Stepfun AI releases Step-Audio 2 Mini: an open source 8B voice-to-speech AI model that exceeds GPT-4O-Audio
Stepfun AI Team has been released Step-Audio 2 Minian 8B parameter speech-to-speech large audio language model (LALM), which provides expression, grounding and real-time audio interaction. exist Apache 2.0 LicenseThis open source model achieves state-of-the-art performance in speech recognition, audio comprehension and voice conversation benchmarks, which can be achieved through commercial systems such as GPT-4O-Audio.

Key Features
1. Unified audio text symbolization
Unlike the cascading ASR+LLM+TTS pipeline, Step-Audio 2 integration Multi-mode discrete token modelingWhere Text and audio tokens share a single modeling stream.
This can:
- Seamless reasoning across text and audio.
- immediate Voice style switching During reasoning.
- Consistency of semantics, rhythms, and emotional output.
2. Expressive and emotional
This model not only transcribes the speech, but also explains Paralinguistic characteristics Like tone, rhythm, emotion, tone and style. This allows for conversations with the emotional tones of reality, such as whispering, sadness or excitement. Benchmark on stepval-audio-parlalanical Show Step-Adio 2 implementation 83.1% accuracyfar beyond GPT-4O audio (43.5%) and Qwen-Omni (44.2%).
3. Search speech generation
Step-Audio 2 merge Multi-mode rag (retrieval machine):
- Web Search Integration Used for factual basis.
- Audio search– A new ability to retrieve real sounds from large libraries and blend them into responses, enabling them to Voice/style imitation When reasoning.

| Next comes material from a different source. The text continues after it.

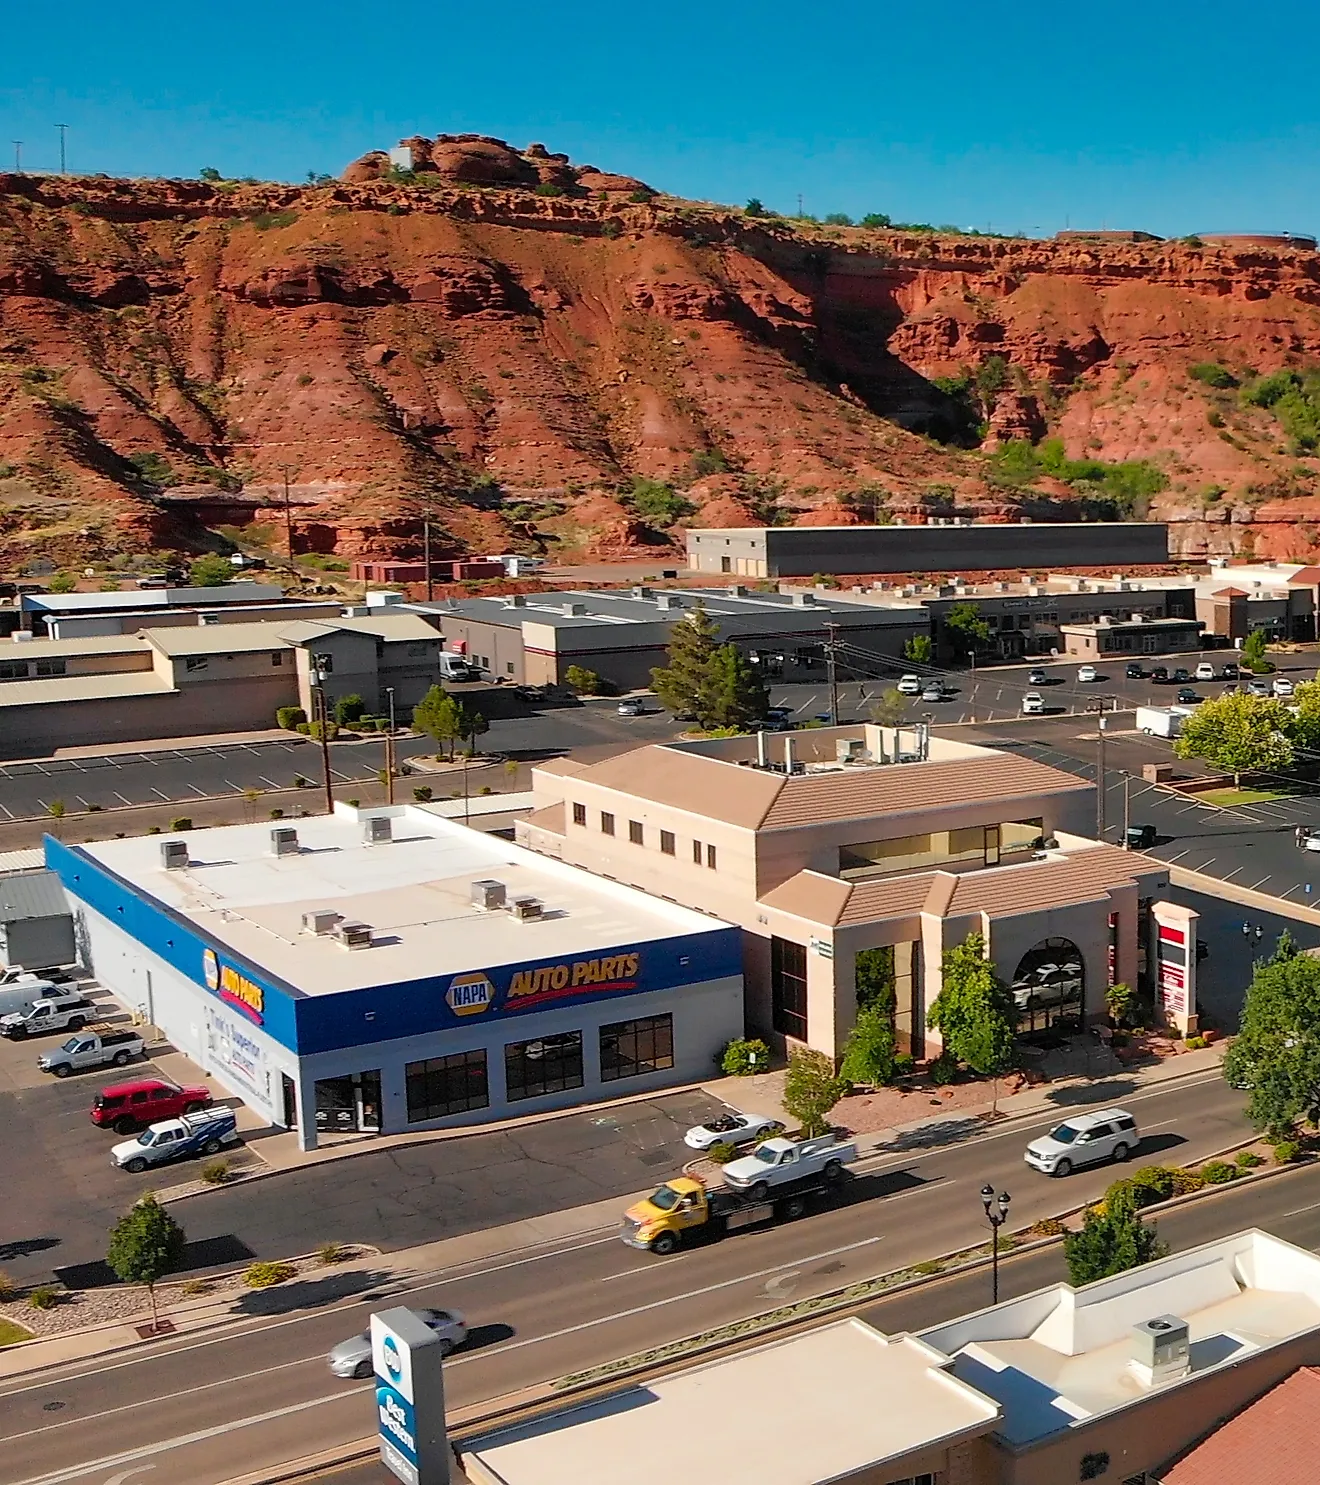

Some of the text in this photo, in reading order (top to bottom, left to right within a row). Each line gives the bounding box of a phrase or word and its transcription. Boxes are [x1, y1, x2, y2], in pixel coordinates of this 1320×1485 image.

4. Tool calls and multimodal reasoning
This system goes beyond voice synthesis through support Tool calls. Benchmarks show that Step-Audio 2 matches text LLM Tool selection and parameter accuracyalthough Audio search tool call– Features not available in text LLM only.
Training and data scales
- Text + Audio Corpus: 1.356T token
- Audio Hours: 8m+reality and synthesis time
- Diversity of speakers: ~ 50k sounds in language and dialect
- Preprocessing pipeline: The multi-stage course covers ASR, TT, voice-to-voice translation and a dialogue synthesis of emotion-marking.
This massive training allows the Step-Audio 2 Mini to retain powerful text reasoning (through its Qwen2-Audio and Cosyvoice Foundation) while mastering fine-grained audio modeling.
Performance Benchmark




Automatic speech recognition (ASR)
- English: Average 3.14% (average transcription that beat GPT-4O was 4.5%).

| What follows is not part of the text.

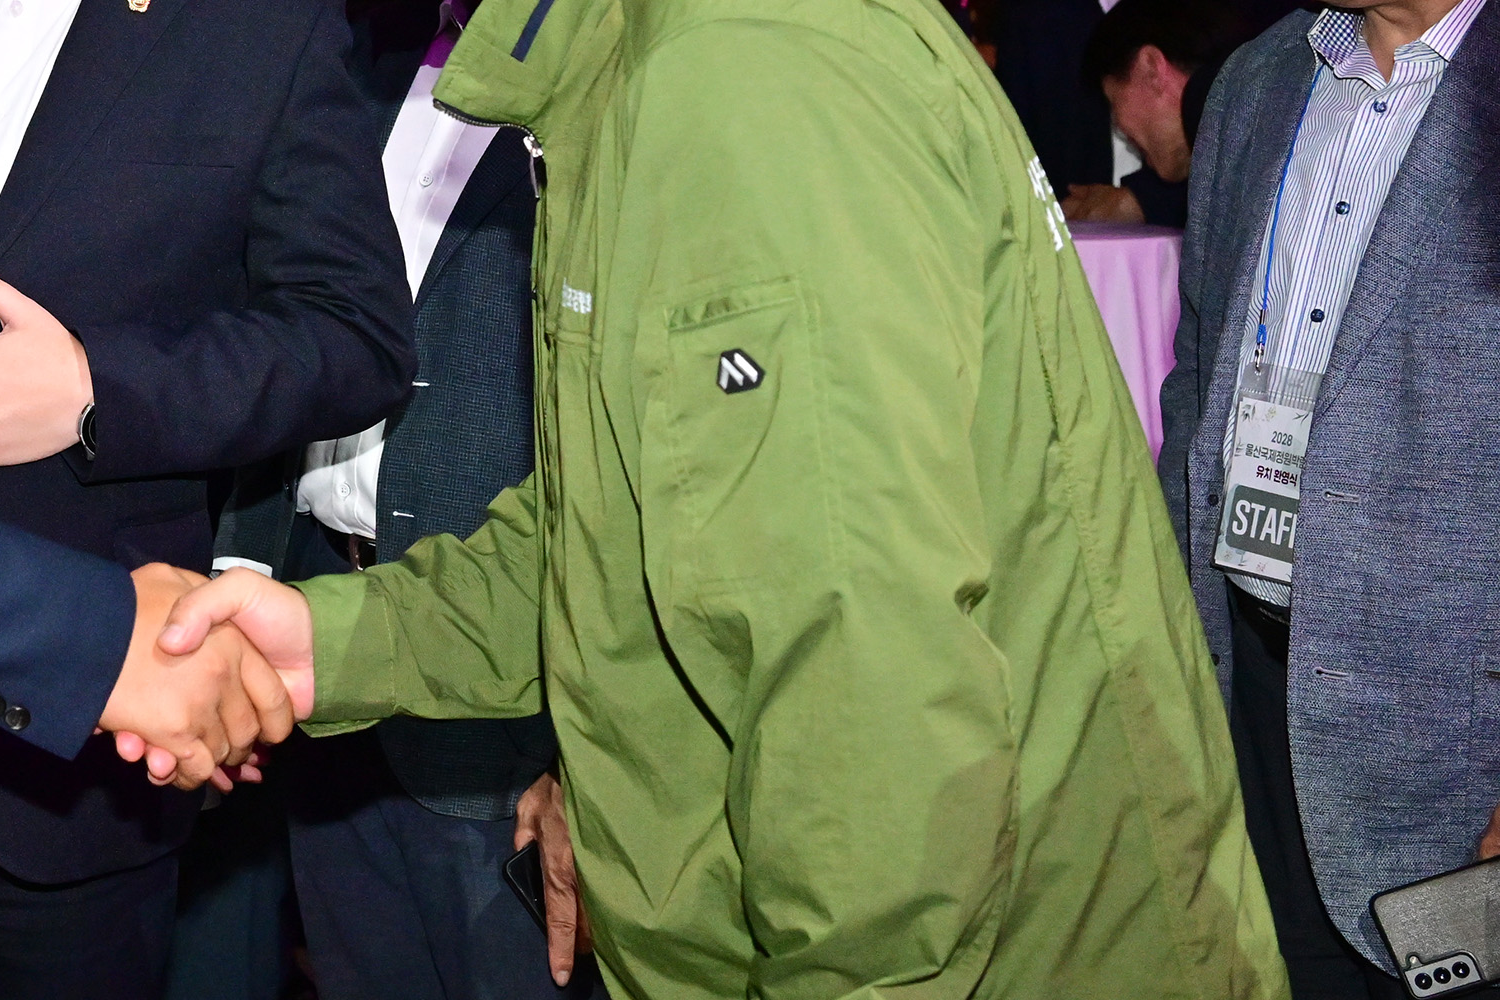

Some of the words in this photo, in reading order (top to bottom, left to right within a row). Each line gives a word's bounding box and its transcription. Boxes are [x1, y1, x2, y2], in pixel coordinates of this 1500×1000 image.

[1271, 430, 1294, 447] 2028
[1256, 465, 1273, 481] 유치
[1273, 469, 1298, 487] 환영식

- Chinese: Average CER was 3.08% (significantly lower than GPT-4O and QWEN-OMNI).
- Strong across dialects and accents.
Audio Understanding (MMAU Benchmark)
- Step-Audio 2: 78.0 average, exceeding Omni-R1 (77.0) and audio Flamingo 3 (73.1).

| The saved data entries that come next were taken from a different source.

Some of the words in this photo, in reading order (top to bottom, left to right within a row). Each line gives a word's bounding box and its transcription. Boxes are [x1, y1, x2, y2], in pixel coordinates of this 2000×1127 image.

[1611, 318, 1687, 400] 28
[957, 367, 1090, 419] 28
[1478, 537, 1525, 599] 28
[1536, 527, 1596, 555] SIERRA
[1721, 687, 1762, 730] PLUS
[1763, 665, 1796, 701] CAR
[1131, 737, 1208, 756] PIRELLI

- Strongest Voice and voice reasoning tasks.
Voice translation
- COVOST 2 (S2TT): BLEU 39.26 (highest in open and closed models).
- CVSS (S2ST): BLEU 30.87, before GPT-4O (23.68).
Dialogue Bench (URO BENCH)
- China Dialogue: The best overall 83.3 (Basic) and 68.2 (Pro).
- English dialogue: Competition with the GPT-4O (83.9 vs. 84.5) is far ahead of other open models.


in conclusion
Step-Audio 2 Mini Give developers and research communities access to advanced multimodal voice intelligence. By combining qwen2-audioThe reasoning ability Cosyvoice’s tokenized pipelineand enhancement Search-based groundingStepfun delivers the most capable Turn on the audio LLM.
Check Paper and Model embracing face. Check out ours anytime Tutorials, codes and notebooks for github pages. Also, please stay tuned for us twitter And don’t forget to join us 100K+ ml reddit And subscribe Our newsletter.

Asif Razzaq is CEO of Marktechpost Media Inc. As a visionary entrepreneur and engineer, ASIF is committed to harnessing the potential of artificial intelligence to achieve social benefits. His recent effort is to launch Marktechpost, an artificial intelligence media platform that has an in-depth coverage of machine learning and deep learning news that can sound both technically, both through technical voices and be understood by a wide audience. The platform has over 2 million views per month, demonstrating its popularity among its audience.